Node start and stop errors

Hi guys,

recently I started having some issues with my node installed on a Raspberry Pi 4.

I’m running both Main Net and Test Net in parallel. Form time to time I lose connection with the Main Net and when I try to restart the node on the Main Net I get the following error:

$ goal node start
Algorand node failed to start: node exited before we could contact it

Moreover I can not stop the node:

$ goal node stop
Cannot kill node: operation not permitted

Any idea about what is going on?

Can you look at $ALGORAND_DATA/algod-err.log and $ALGORAND_DATA/algod-out.log?
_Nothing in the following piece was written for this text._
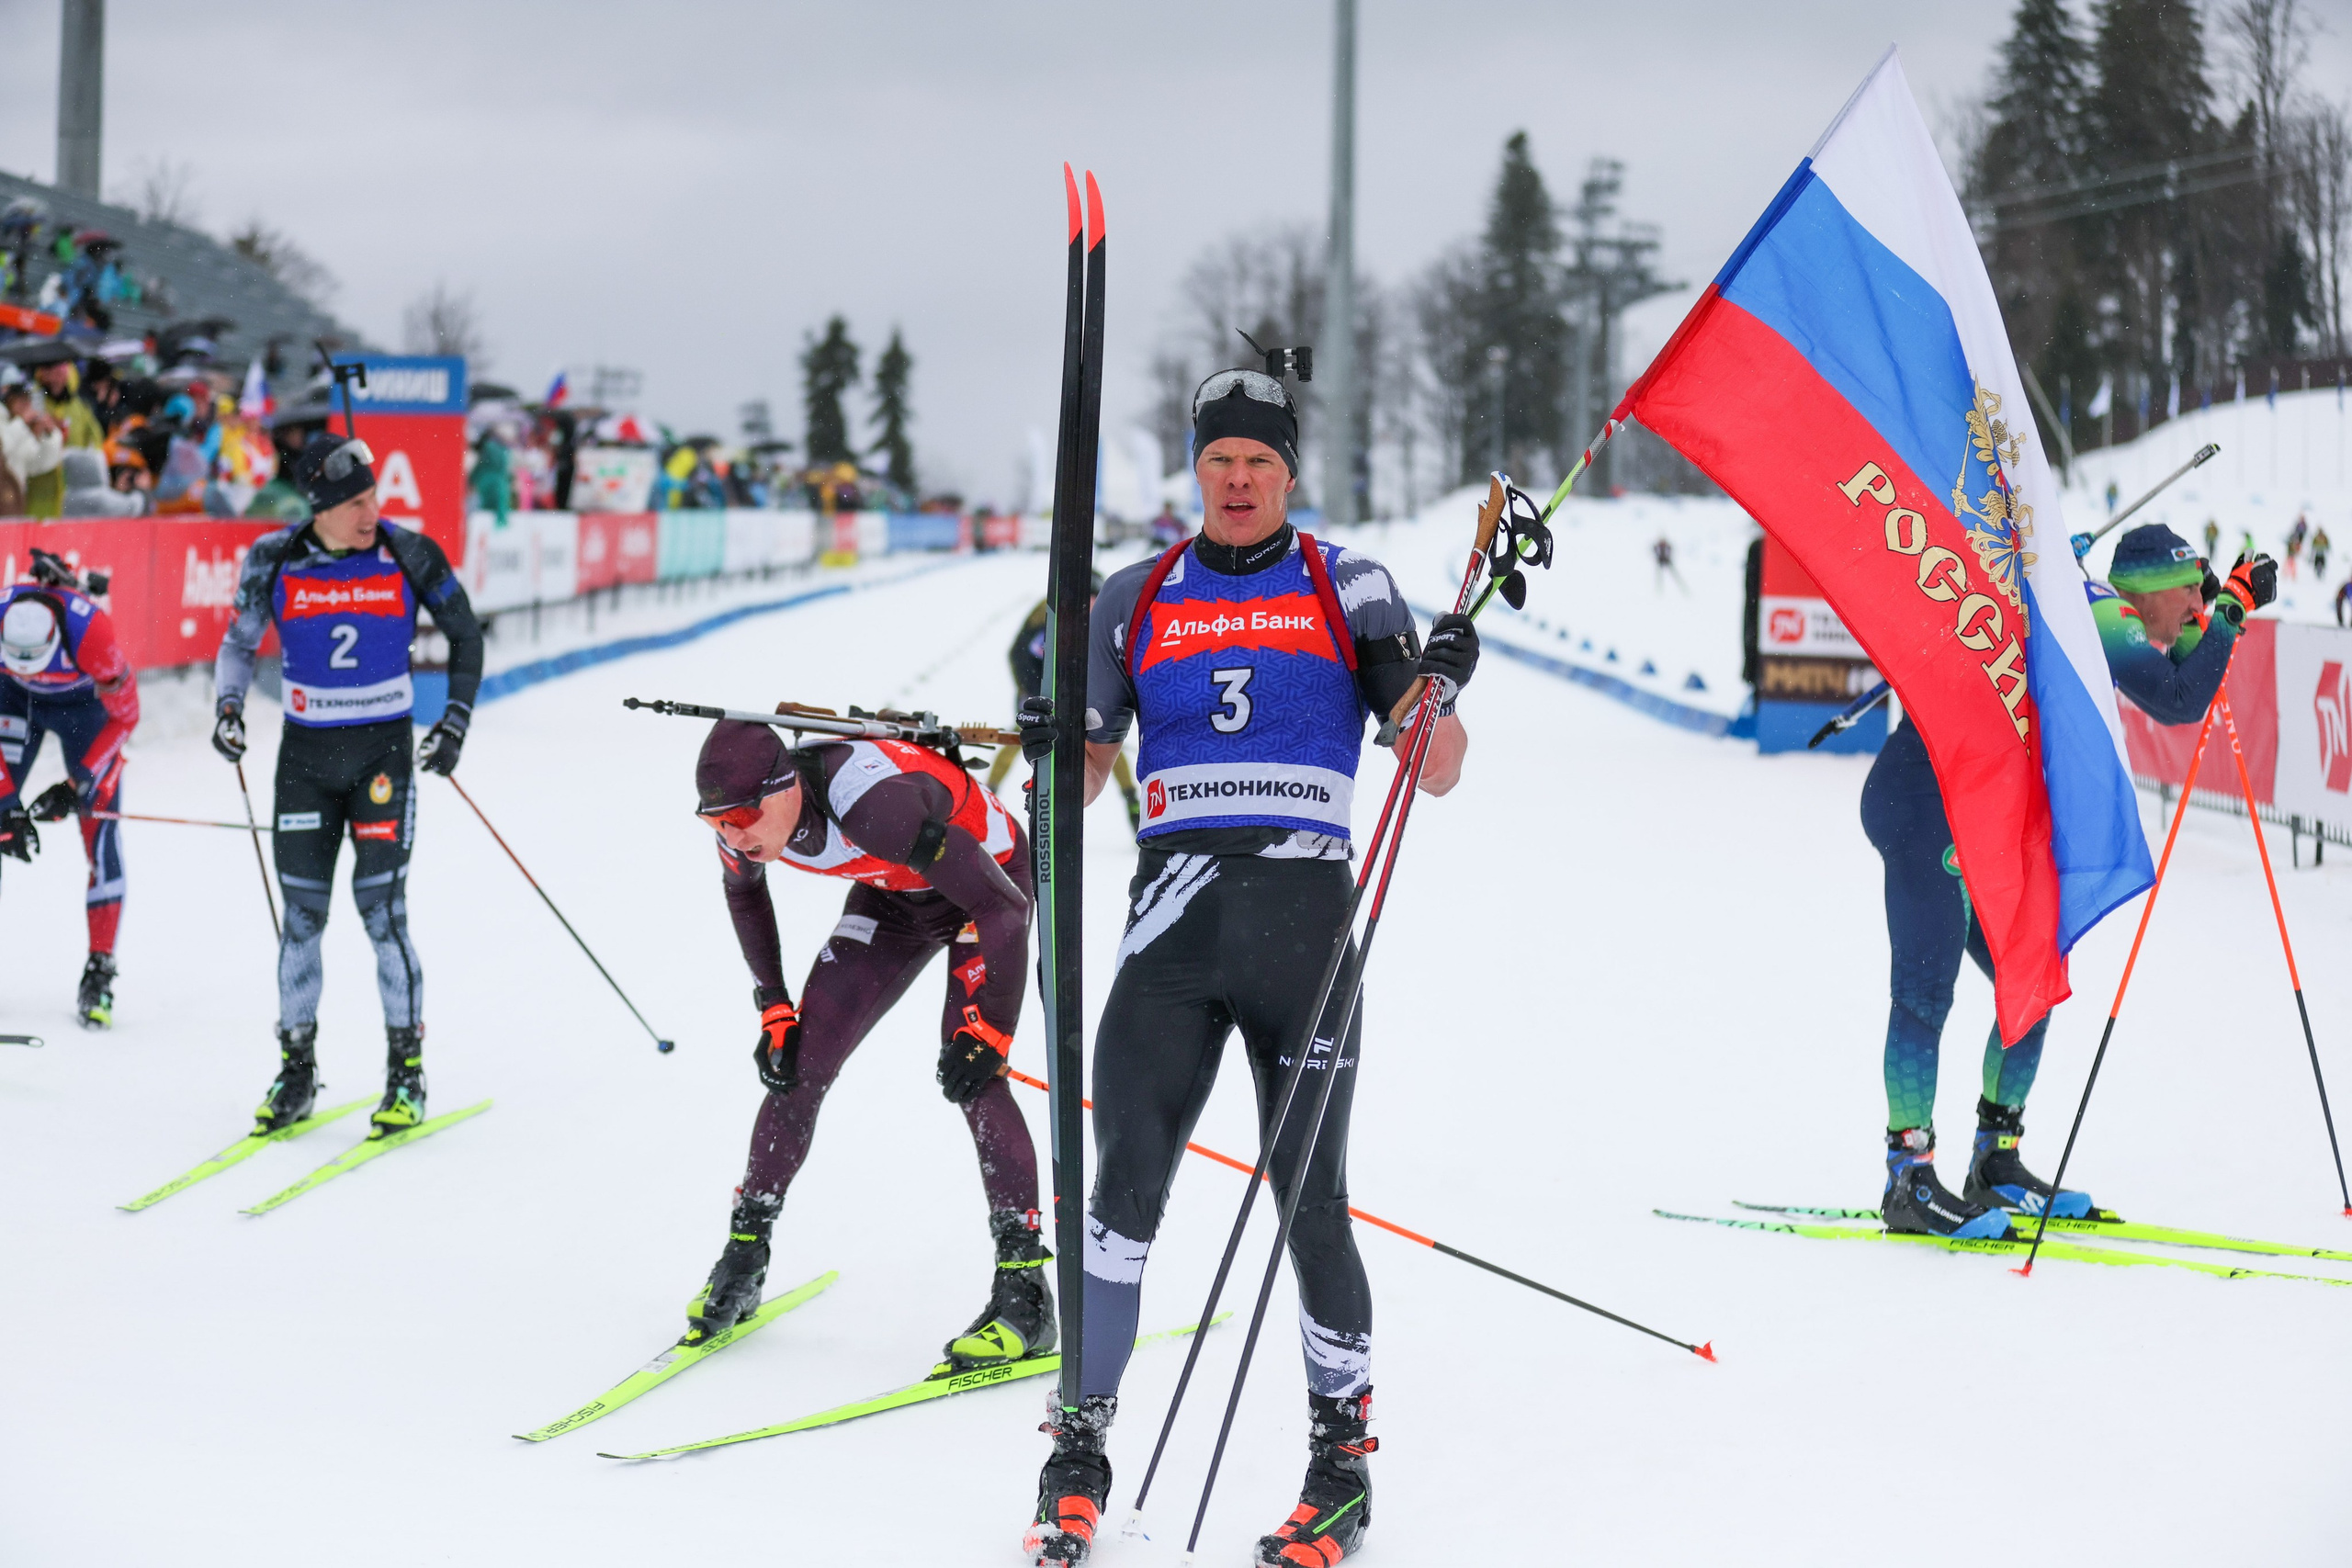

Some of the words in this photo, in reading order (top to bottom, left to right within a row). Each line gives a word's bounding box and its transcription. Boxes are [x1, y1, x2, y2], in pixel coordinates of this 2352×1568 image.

where $ALGORAND_DATA is your data folder, which is /var/lib/algorand by default in case you used the Debian package

algod-err.log is empty, maybe because I’ve just restarted the Raspberry Pi.

algod-out.log content:

Logging to:  /home/pi/node/data/node.log
Deadlock detection is set to: disabled (Default state is 'disable')
Initializing the Algorand node... Success!
⇨ http server started on 127.0.0.1:8080
Node running and accepting RPC requests over HTTP on port 127.0.0.1:8080. Press Ctrl-C to exit

Once I restart the Raspberry Pi the node starts, but I’m still unable to stop it:

$ goal node stop
Cannot kill node: operation not permitted

Most likely the issue is a permission issue.

If you’re using the Debian package, the node is started under the algorand user, rather than your user.
It is best to use systemctl to manage it in that case.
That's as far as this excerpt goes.